-- ACTIVITY --
Could you transcribe every record below exactly as written, leaving out any pictures?
::: DATA
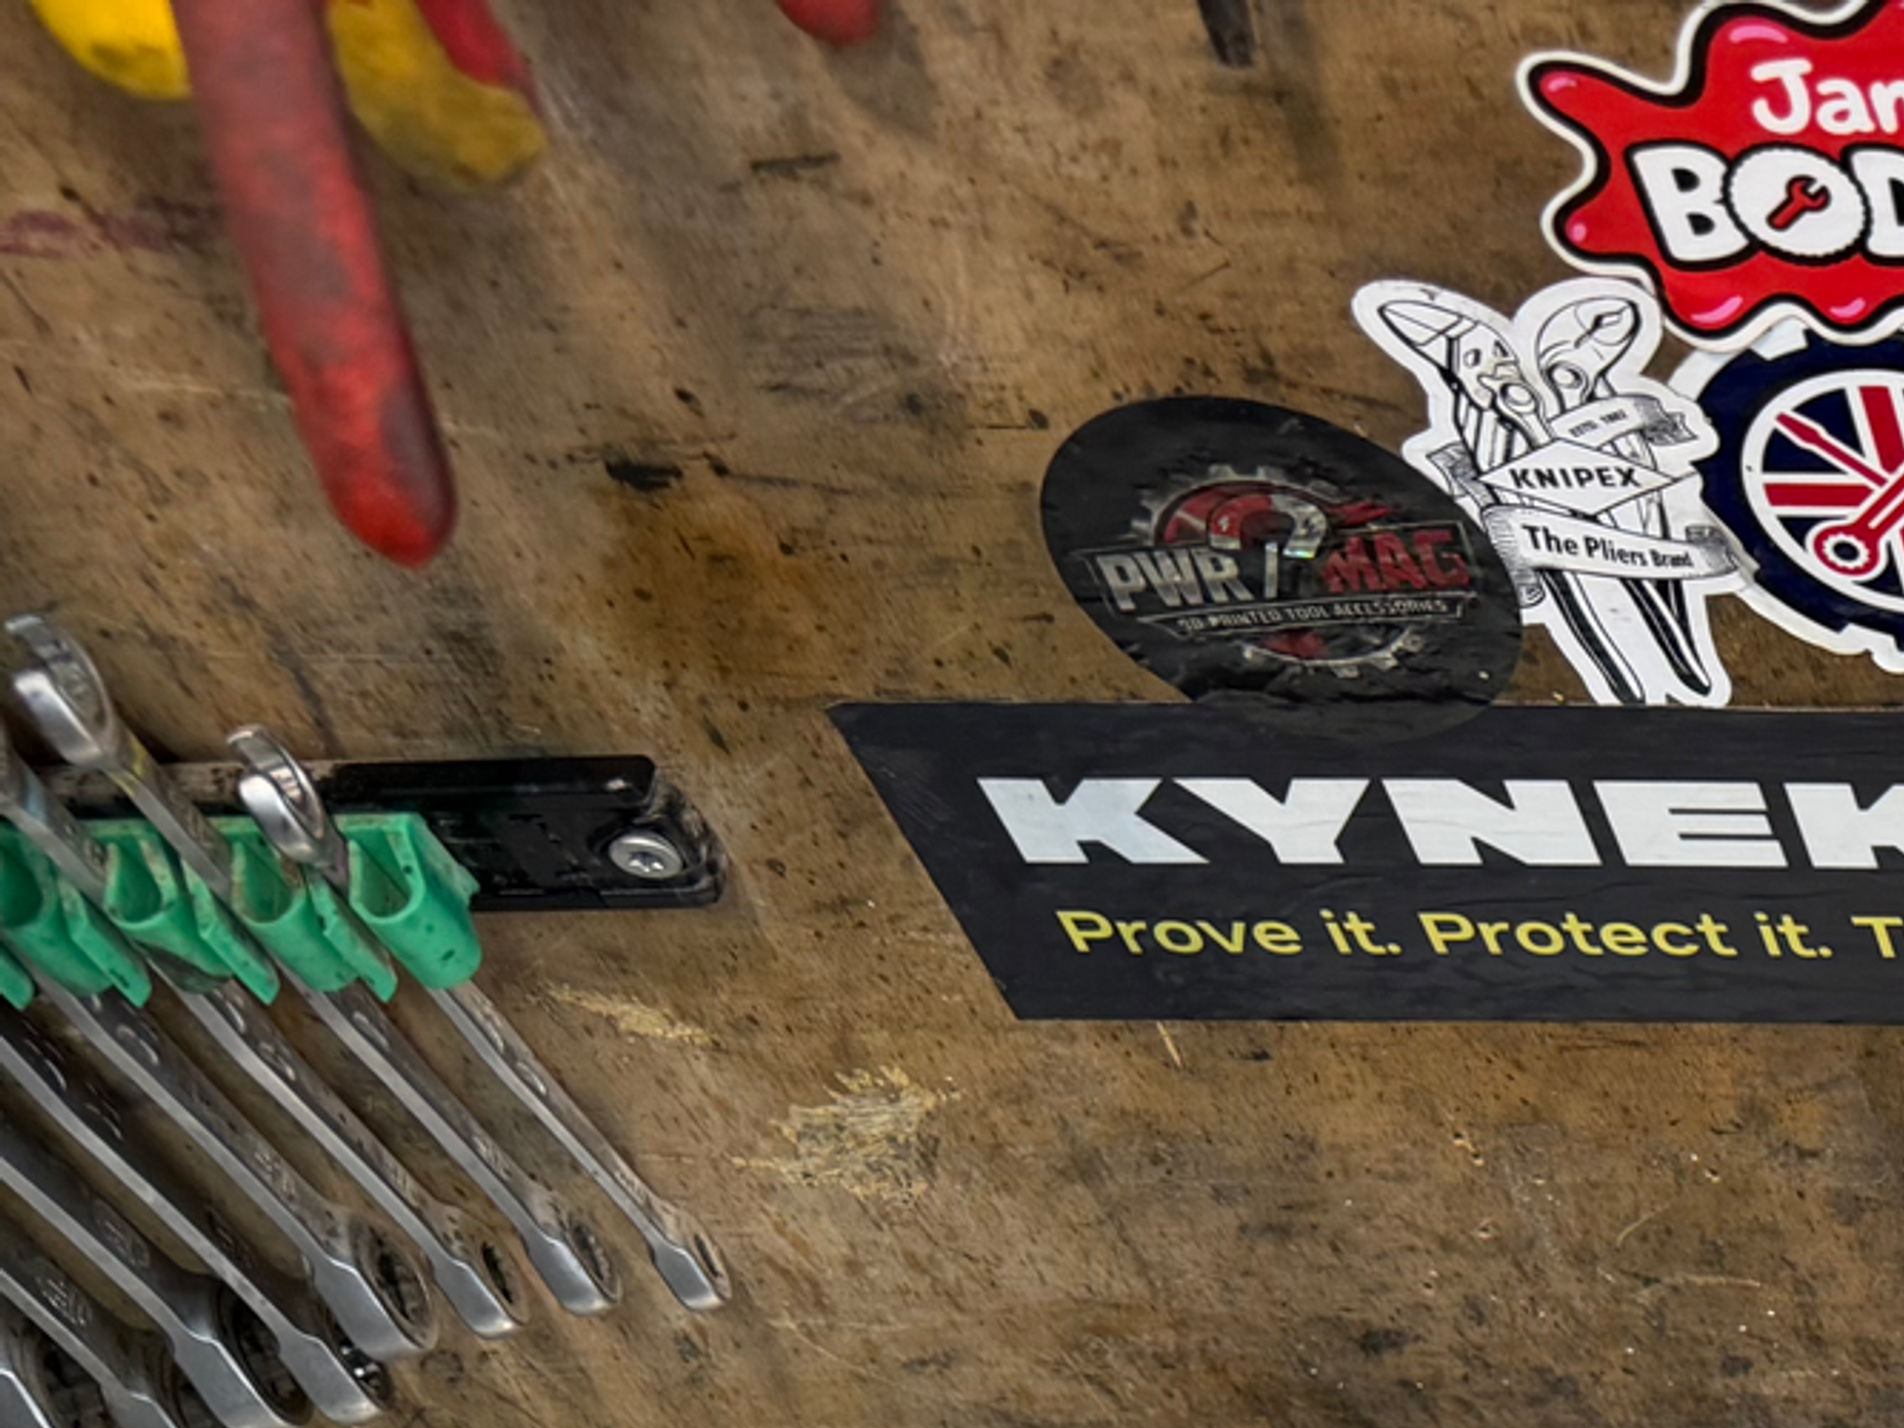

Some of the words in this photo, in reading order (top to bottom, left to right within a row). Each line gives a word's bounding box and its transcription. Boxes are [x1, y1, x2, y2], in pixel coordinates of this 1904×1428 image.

[1510, 466, 1641, 489] KNIPEX
[1522, 524, 1578, 555] The
[1584, 536, 1647, 568] Pliers
[1651, 549, 1694, 568] Brand
[1096, 548, 1254, 611] PWR
[1320, 530, 1470, 593] MAG
[1285, 604, 1328, 621] TOOL
[1056, 909, 1302, 955] Prove
[1319, 908, 1402, 955] it.
[1417, 911, 1738, 957] Protect
[1755, 912, 1833, 958] it.
::::::
-- RESPONSE AREA --
Some of the words in this photo, in reading order (top to bottom, left to right within a row). Each line gives a word's bounding box and its transcription. Boxes are [x1, y1, x2, y2], in pixel coordinates of this 1904×1428 image.

[1510, 466, 1641, 489] KNIPEX
[1522, 524, 1578, 555] The
[1584, 536, 1647, 568] Pliers
[1651, 549, 1694, 568] Brand
[1096, 548, 1254, 611] PWR
[1320, 530, 1470, 593] MAG
[1285, 604, 1328, 621] TOOL
[1056, 909, 1302, 955] Prove
[1319, 908, 1402, 955] it.
[1417, 911, 1738, 957] Protect
[1755, 912, 1833, 958] it.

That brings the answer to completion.